▶ _Task_: Images should be left out, and everything else in the listing reproduced exactly.

▶ _Raw data_:

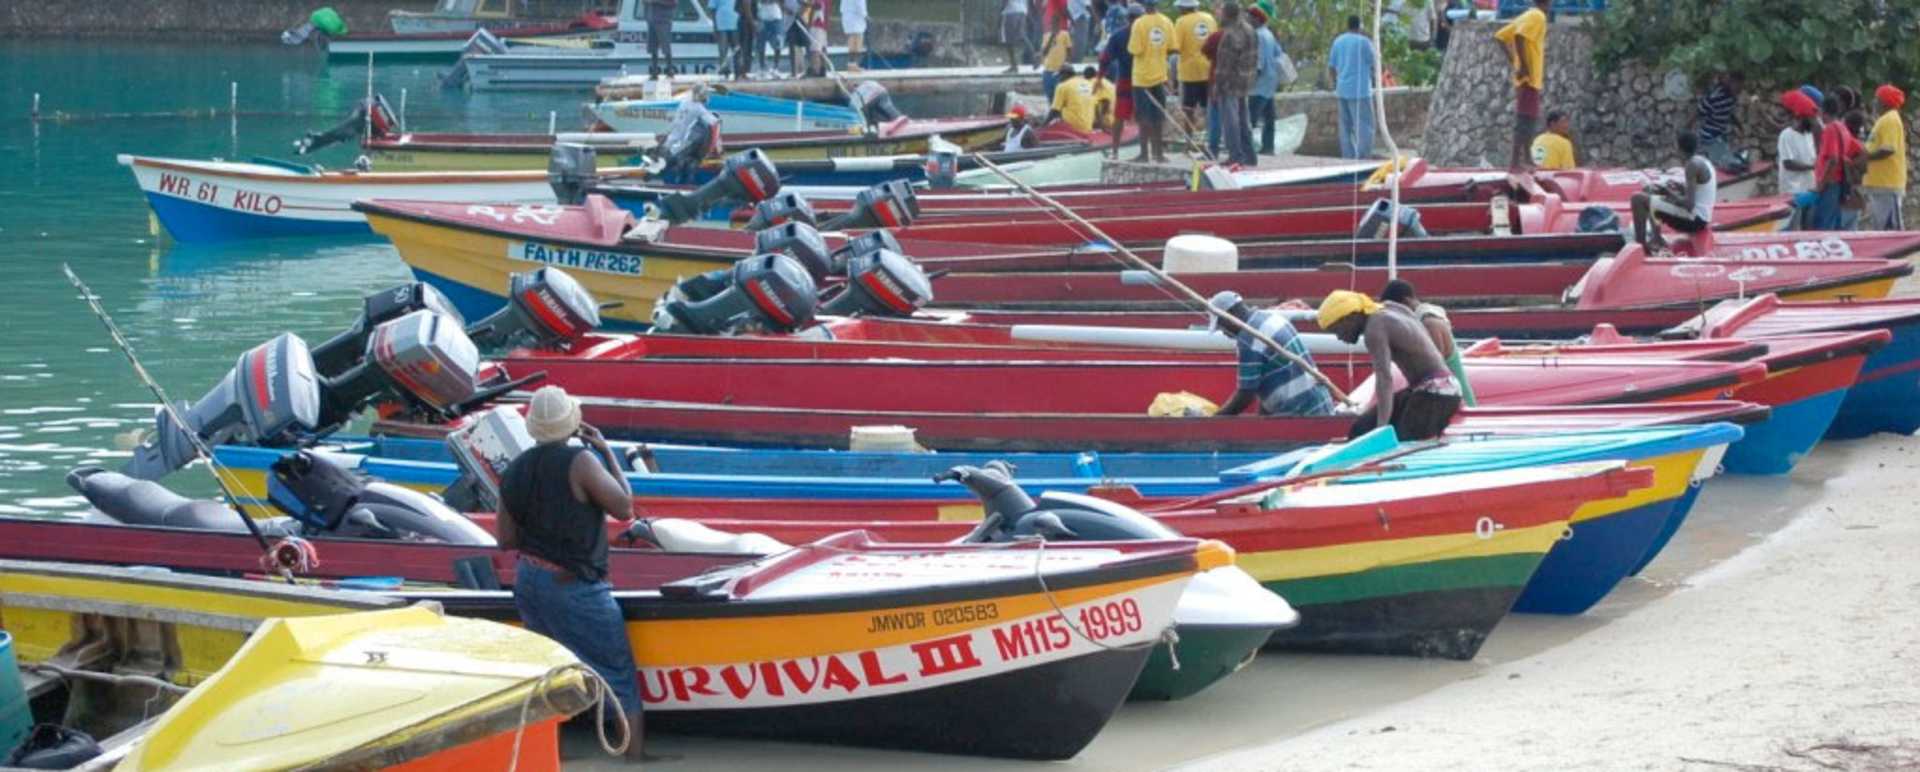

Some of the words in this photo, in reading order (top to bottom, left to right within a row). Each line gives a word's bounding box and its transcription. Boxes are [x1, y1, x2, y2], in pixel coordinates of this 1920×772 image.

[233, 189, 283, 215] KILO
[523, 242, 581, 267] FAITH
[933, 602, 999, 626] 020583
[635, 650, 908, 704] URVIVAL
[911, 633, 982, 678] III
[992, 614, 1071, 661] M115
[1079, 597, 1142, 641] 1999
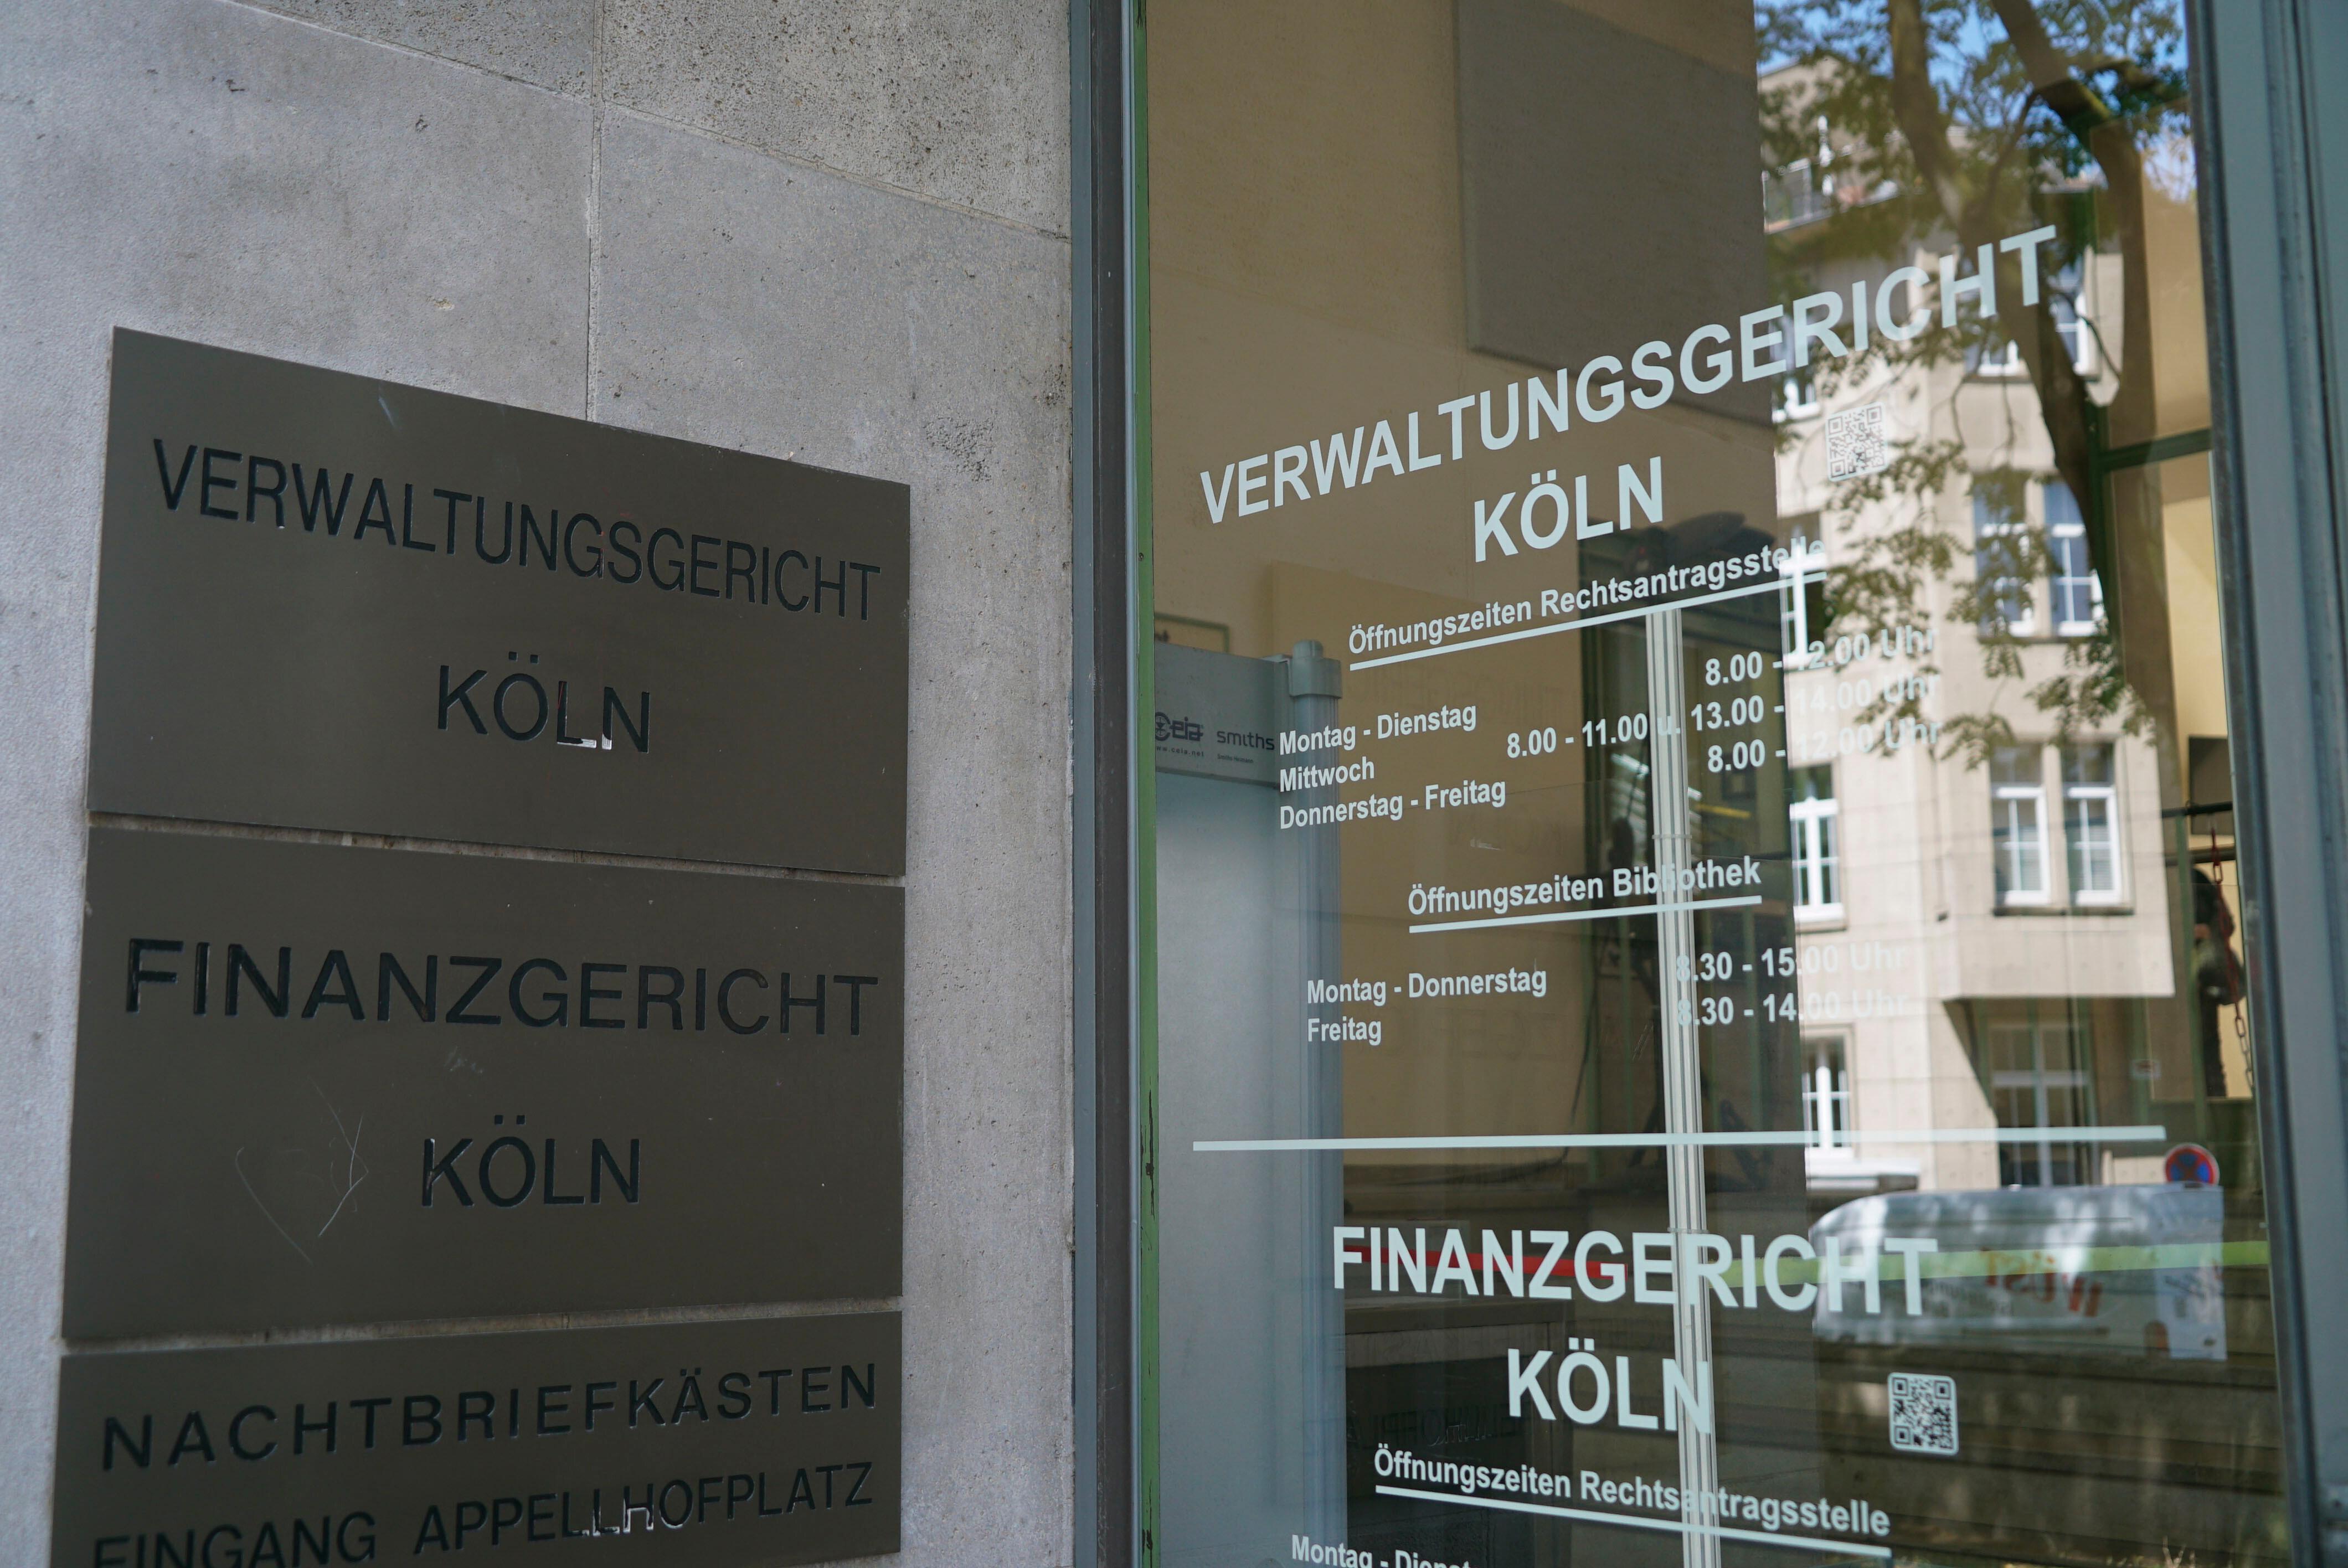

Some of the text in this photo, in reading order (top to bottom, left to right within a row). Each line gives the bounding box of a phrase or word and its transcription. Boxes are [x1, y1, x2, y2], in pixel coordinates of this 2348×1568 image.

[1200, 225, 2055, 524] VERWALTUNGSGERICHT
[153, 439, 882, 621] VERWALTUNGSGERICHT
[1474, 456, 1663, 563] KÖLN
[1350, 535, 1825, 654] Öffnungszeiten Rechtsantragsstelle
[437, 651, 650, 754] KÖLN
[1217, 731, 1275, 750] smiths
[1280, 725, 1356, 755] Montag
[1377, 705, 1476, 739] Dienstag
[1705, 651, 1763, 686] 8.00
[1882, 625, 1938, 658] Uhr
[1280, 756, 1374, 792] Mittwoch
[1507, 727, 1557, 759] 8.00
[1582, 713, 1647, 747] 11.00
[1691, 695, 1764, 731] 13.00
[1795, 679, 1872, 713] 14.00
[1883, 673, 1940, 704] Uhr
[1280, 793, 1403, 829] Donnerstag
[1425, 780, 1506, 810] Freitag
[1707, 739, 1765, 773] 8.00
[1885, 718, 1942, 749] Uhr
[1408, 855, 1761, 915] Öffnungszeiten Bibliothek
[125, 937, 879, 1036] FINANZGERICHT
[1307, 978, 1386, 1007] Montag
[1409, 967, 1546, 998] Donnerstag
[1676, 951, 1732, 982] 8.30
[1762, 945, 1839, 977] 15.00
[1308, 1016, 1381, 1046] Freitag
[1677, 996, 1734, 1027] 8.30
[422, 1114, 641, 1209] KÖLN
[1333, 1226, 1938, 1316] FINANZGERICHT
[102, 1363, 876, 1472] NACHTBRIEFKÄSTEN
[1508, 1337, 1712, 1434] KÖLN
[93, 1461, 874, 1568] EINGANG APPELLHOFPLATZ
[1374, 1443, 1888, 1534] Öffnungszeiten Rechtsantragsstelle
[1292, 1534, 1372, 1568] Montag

▶ _Answer to the problem_:
Some of the words in this photo, in reading order (top to bottom, left to right within a row). Each line gives a word's bounding box and its transcription. Boxes are [x1, y1, x2, y2], in pixel coordinates of this 1920×772 image.

[233, 189, 283, 215] KILO
[523, 242, 581, 267] FAITH
[933, 602, 999, 626] 020583
[635, 650, 908, 704] URVIVAL
[911, 633, 982, 678] III
[992, 614, 1071, 661] M115
[1079, 597, 1142, 641] 1999

Some of the text in this photo, in reading order (top to bottom, left to right within a row). Each line gives the bounding box of a phrase or word and its transcription. Boxes are [x1, y1, x2, y2], in pixel coordinates of this 2348×1568 image.

[1200, 225, 2055, 524] VERWALTUNGSGERICHT
[153, 439, 882, 621] VERWALTUNGSGERICHT
[1474, 456, 1663, 563] KÖLN
[1350, 535, 1825, 654] Öffnungszeiten Rechtsantragsstelle
[437, 651, 650, 754] KÖLN
[1217, 731, 1275, 750] smiths
[1280, 725, 1356, 755] Montag
[1377, 705, 1476, 739] Dienstag
[1705, 651, 1763, 686] 8.00
[1882, 625, 1938, 658] Uhr
[1280, 756, 1374, 792] Mittwoch
[1507, 727, 1557, 759] 8.00
[1582, 713, 1647, 747] 11.00
[1691, 695, 1764, 731] 13.00
[1795, 679, 1872, 713] 14.00
[1883, 673, 1940, 704] Uhr
[1280, 793, 1403, 829] Donnerstag
[1425, 780, 1506, 810] Freitag
[1707, 739, 1765, 773] 8.00
[1885, 718, 1942, 749] Uhr
[1408, 855, 1761, 915] Öffnungszeiten Bibliothek
[125, 937, 879, 1036] FINANZGERICHT
[1307, 978, 1386, 1007] Montag
[1409, 967, 1546, 998] Donnerstag
[1676, 951, 1732, 982] 8.30
[1762, 945, 1839, 977] 15.00
[1308, 1016, 1381, 1046] Freitag
[1677, 996, 1734, 1027] 8.30
[422, 1114, 641, 1209] KÖLN
[1333, 1226, 1938, 1316] FINANZGERICHT
[102, 1363, 876, 1472] NACHTBRIEFKÄSTEN
[1508, 1337, 1712, 1434] KÖLN
[93, 1461, 874, 1568] EINGANG APPELLHOFPLATZ
[1374, 1443, 1888, 1534] Öffnungszeiten Rechtsantragsstelle
[1292, 1534, 1372, 1568] Montag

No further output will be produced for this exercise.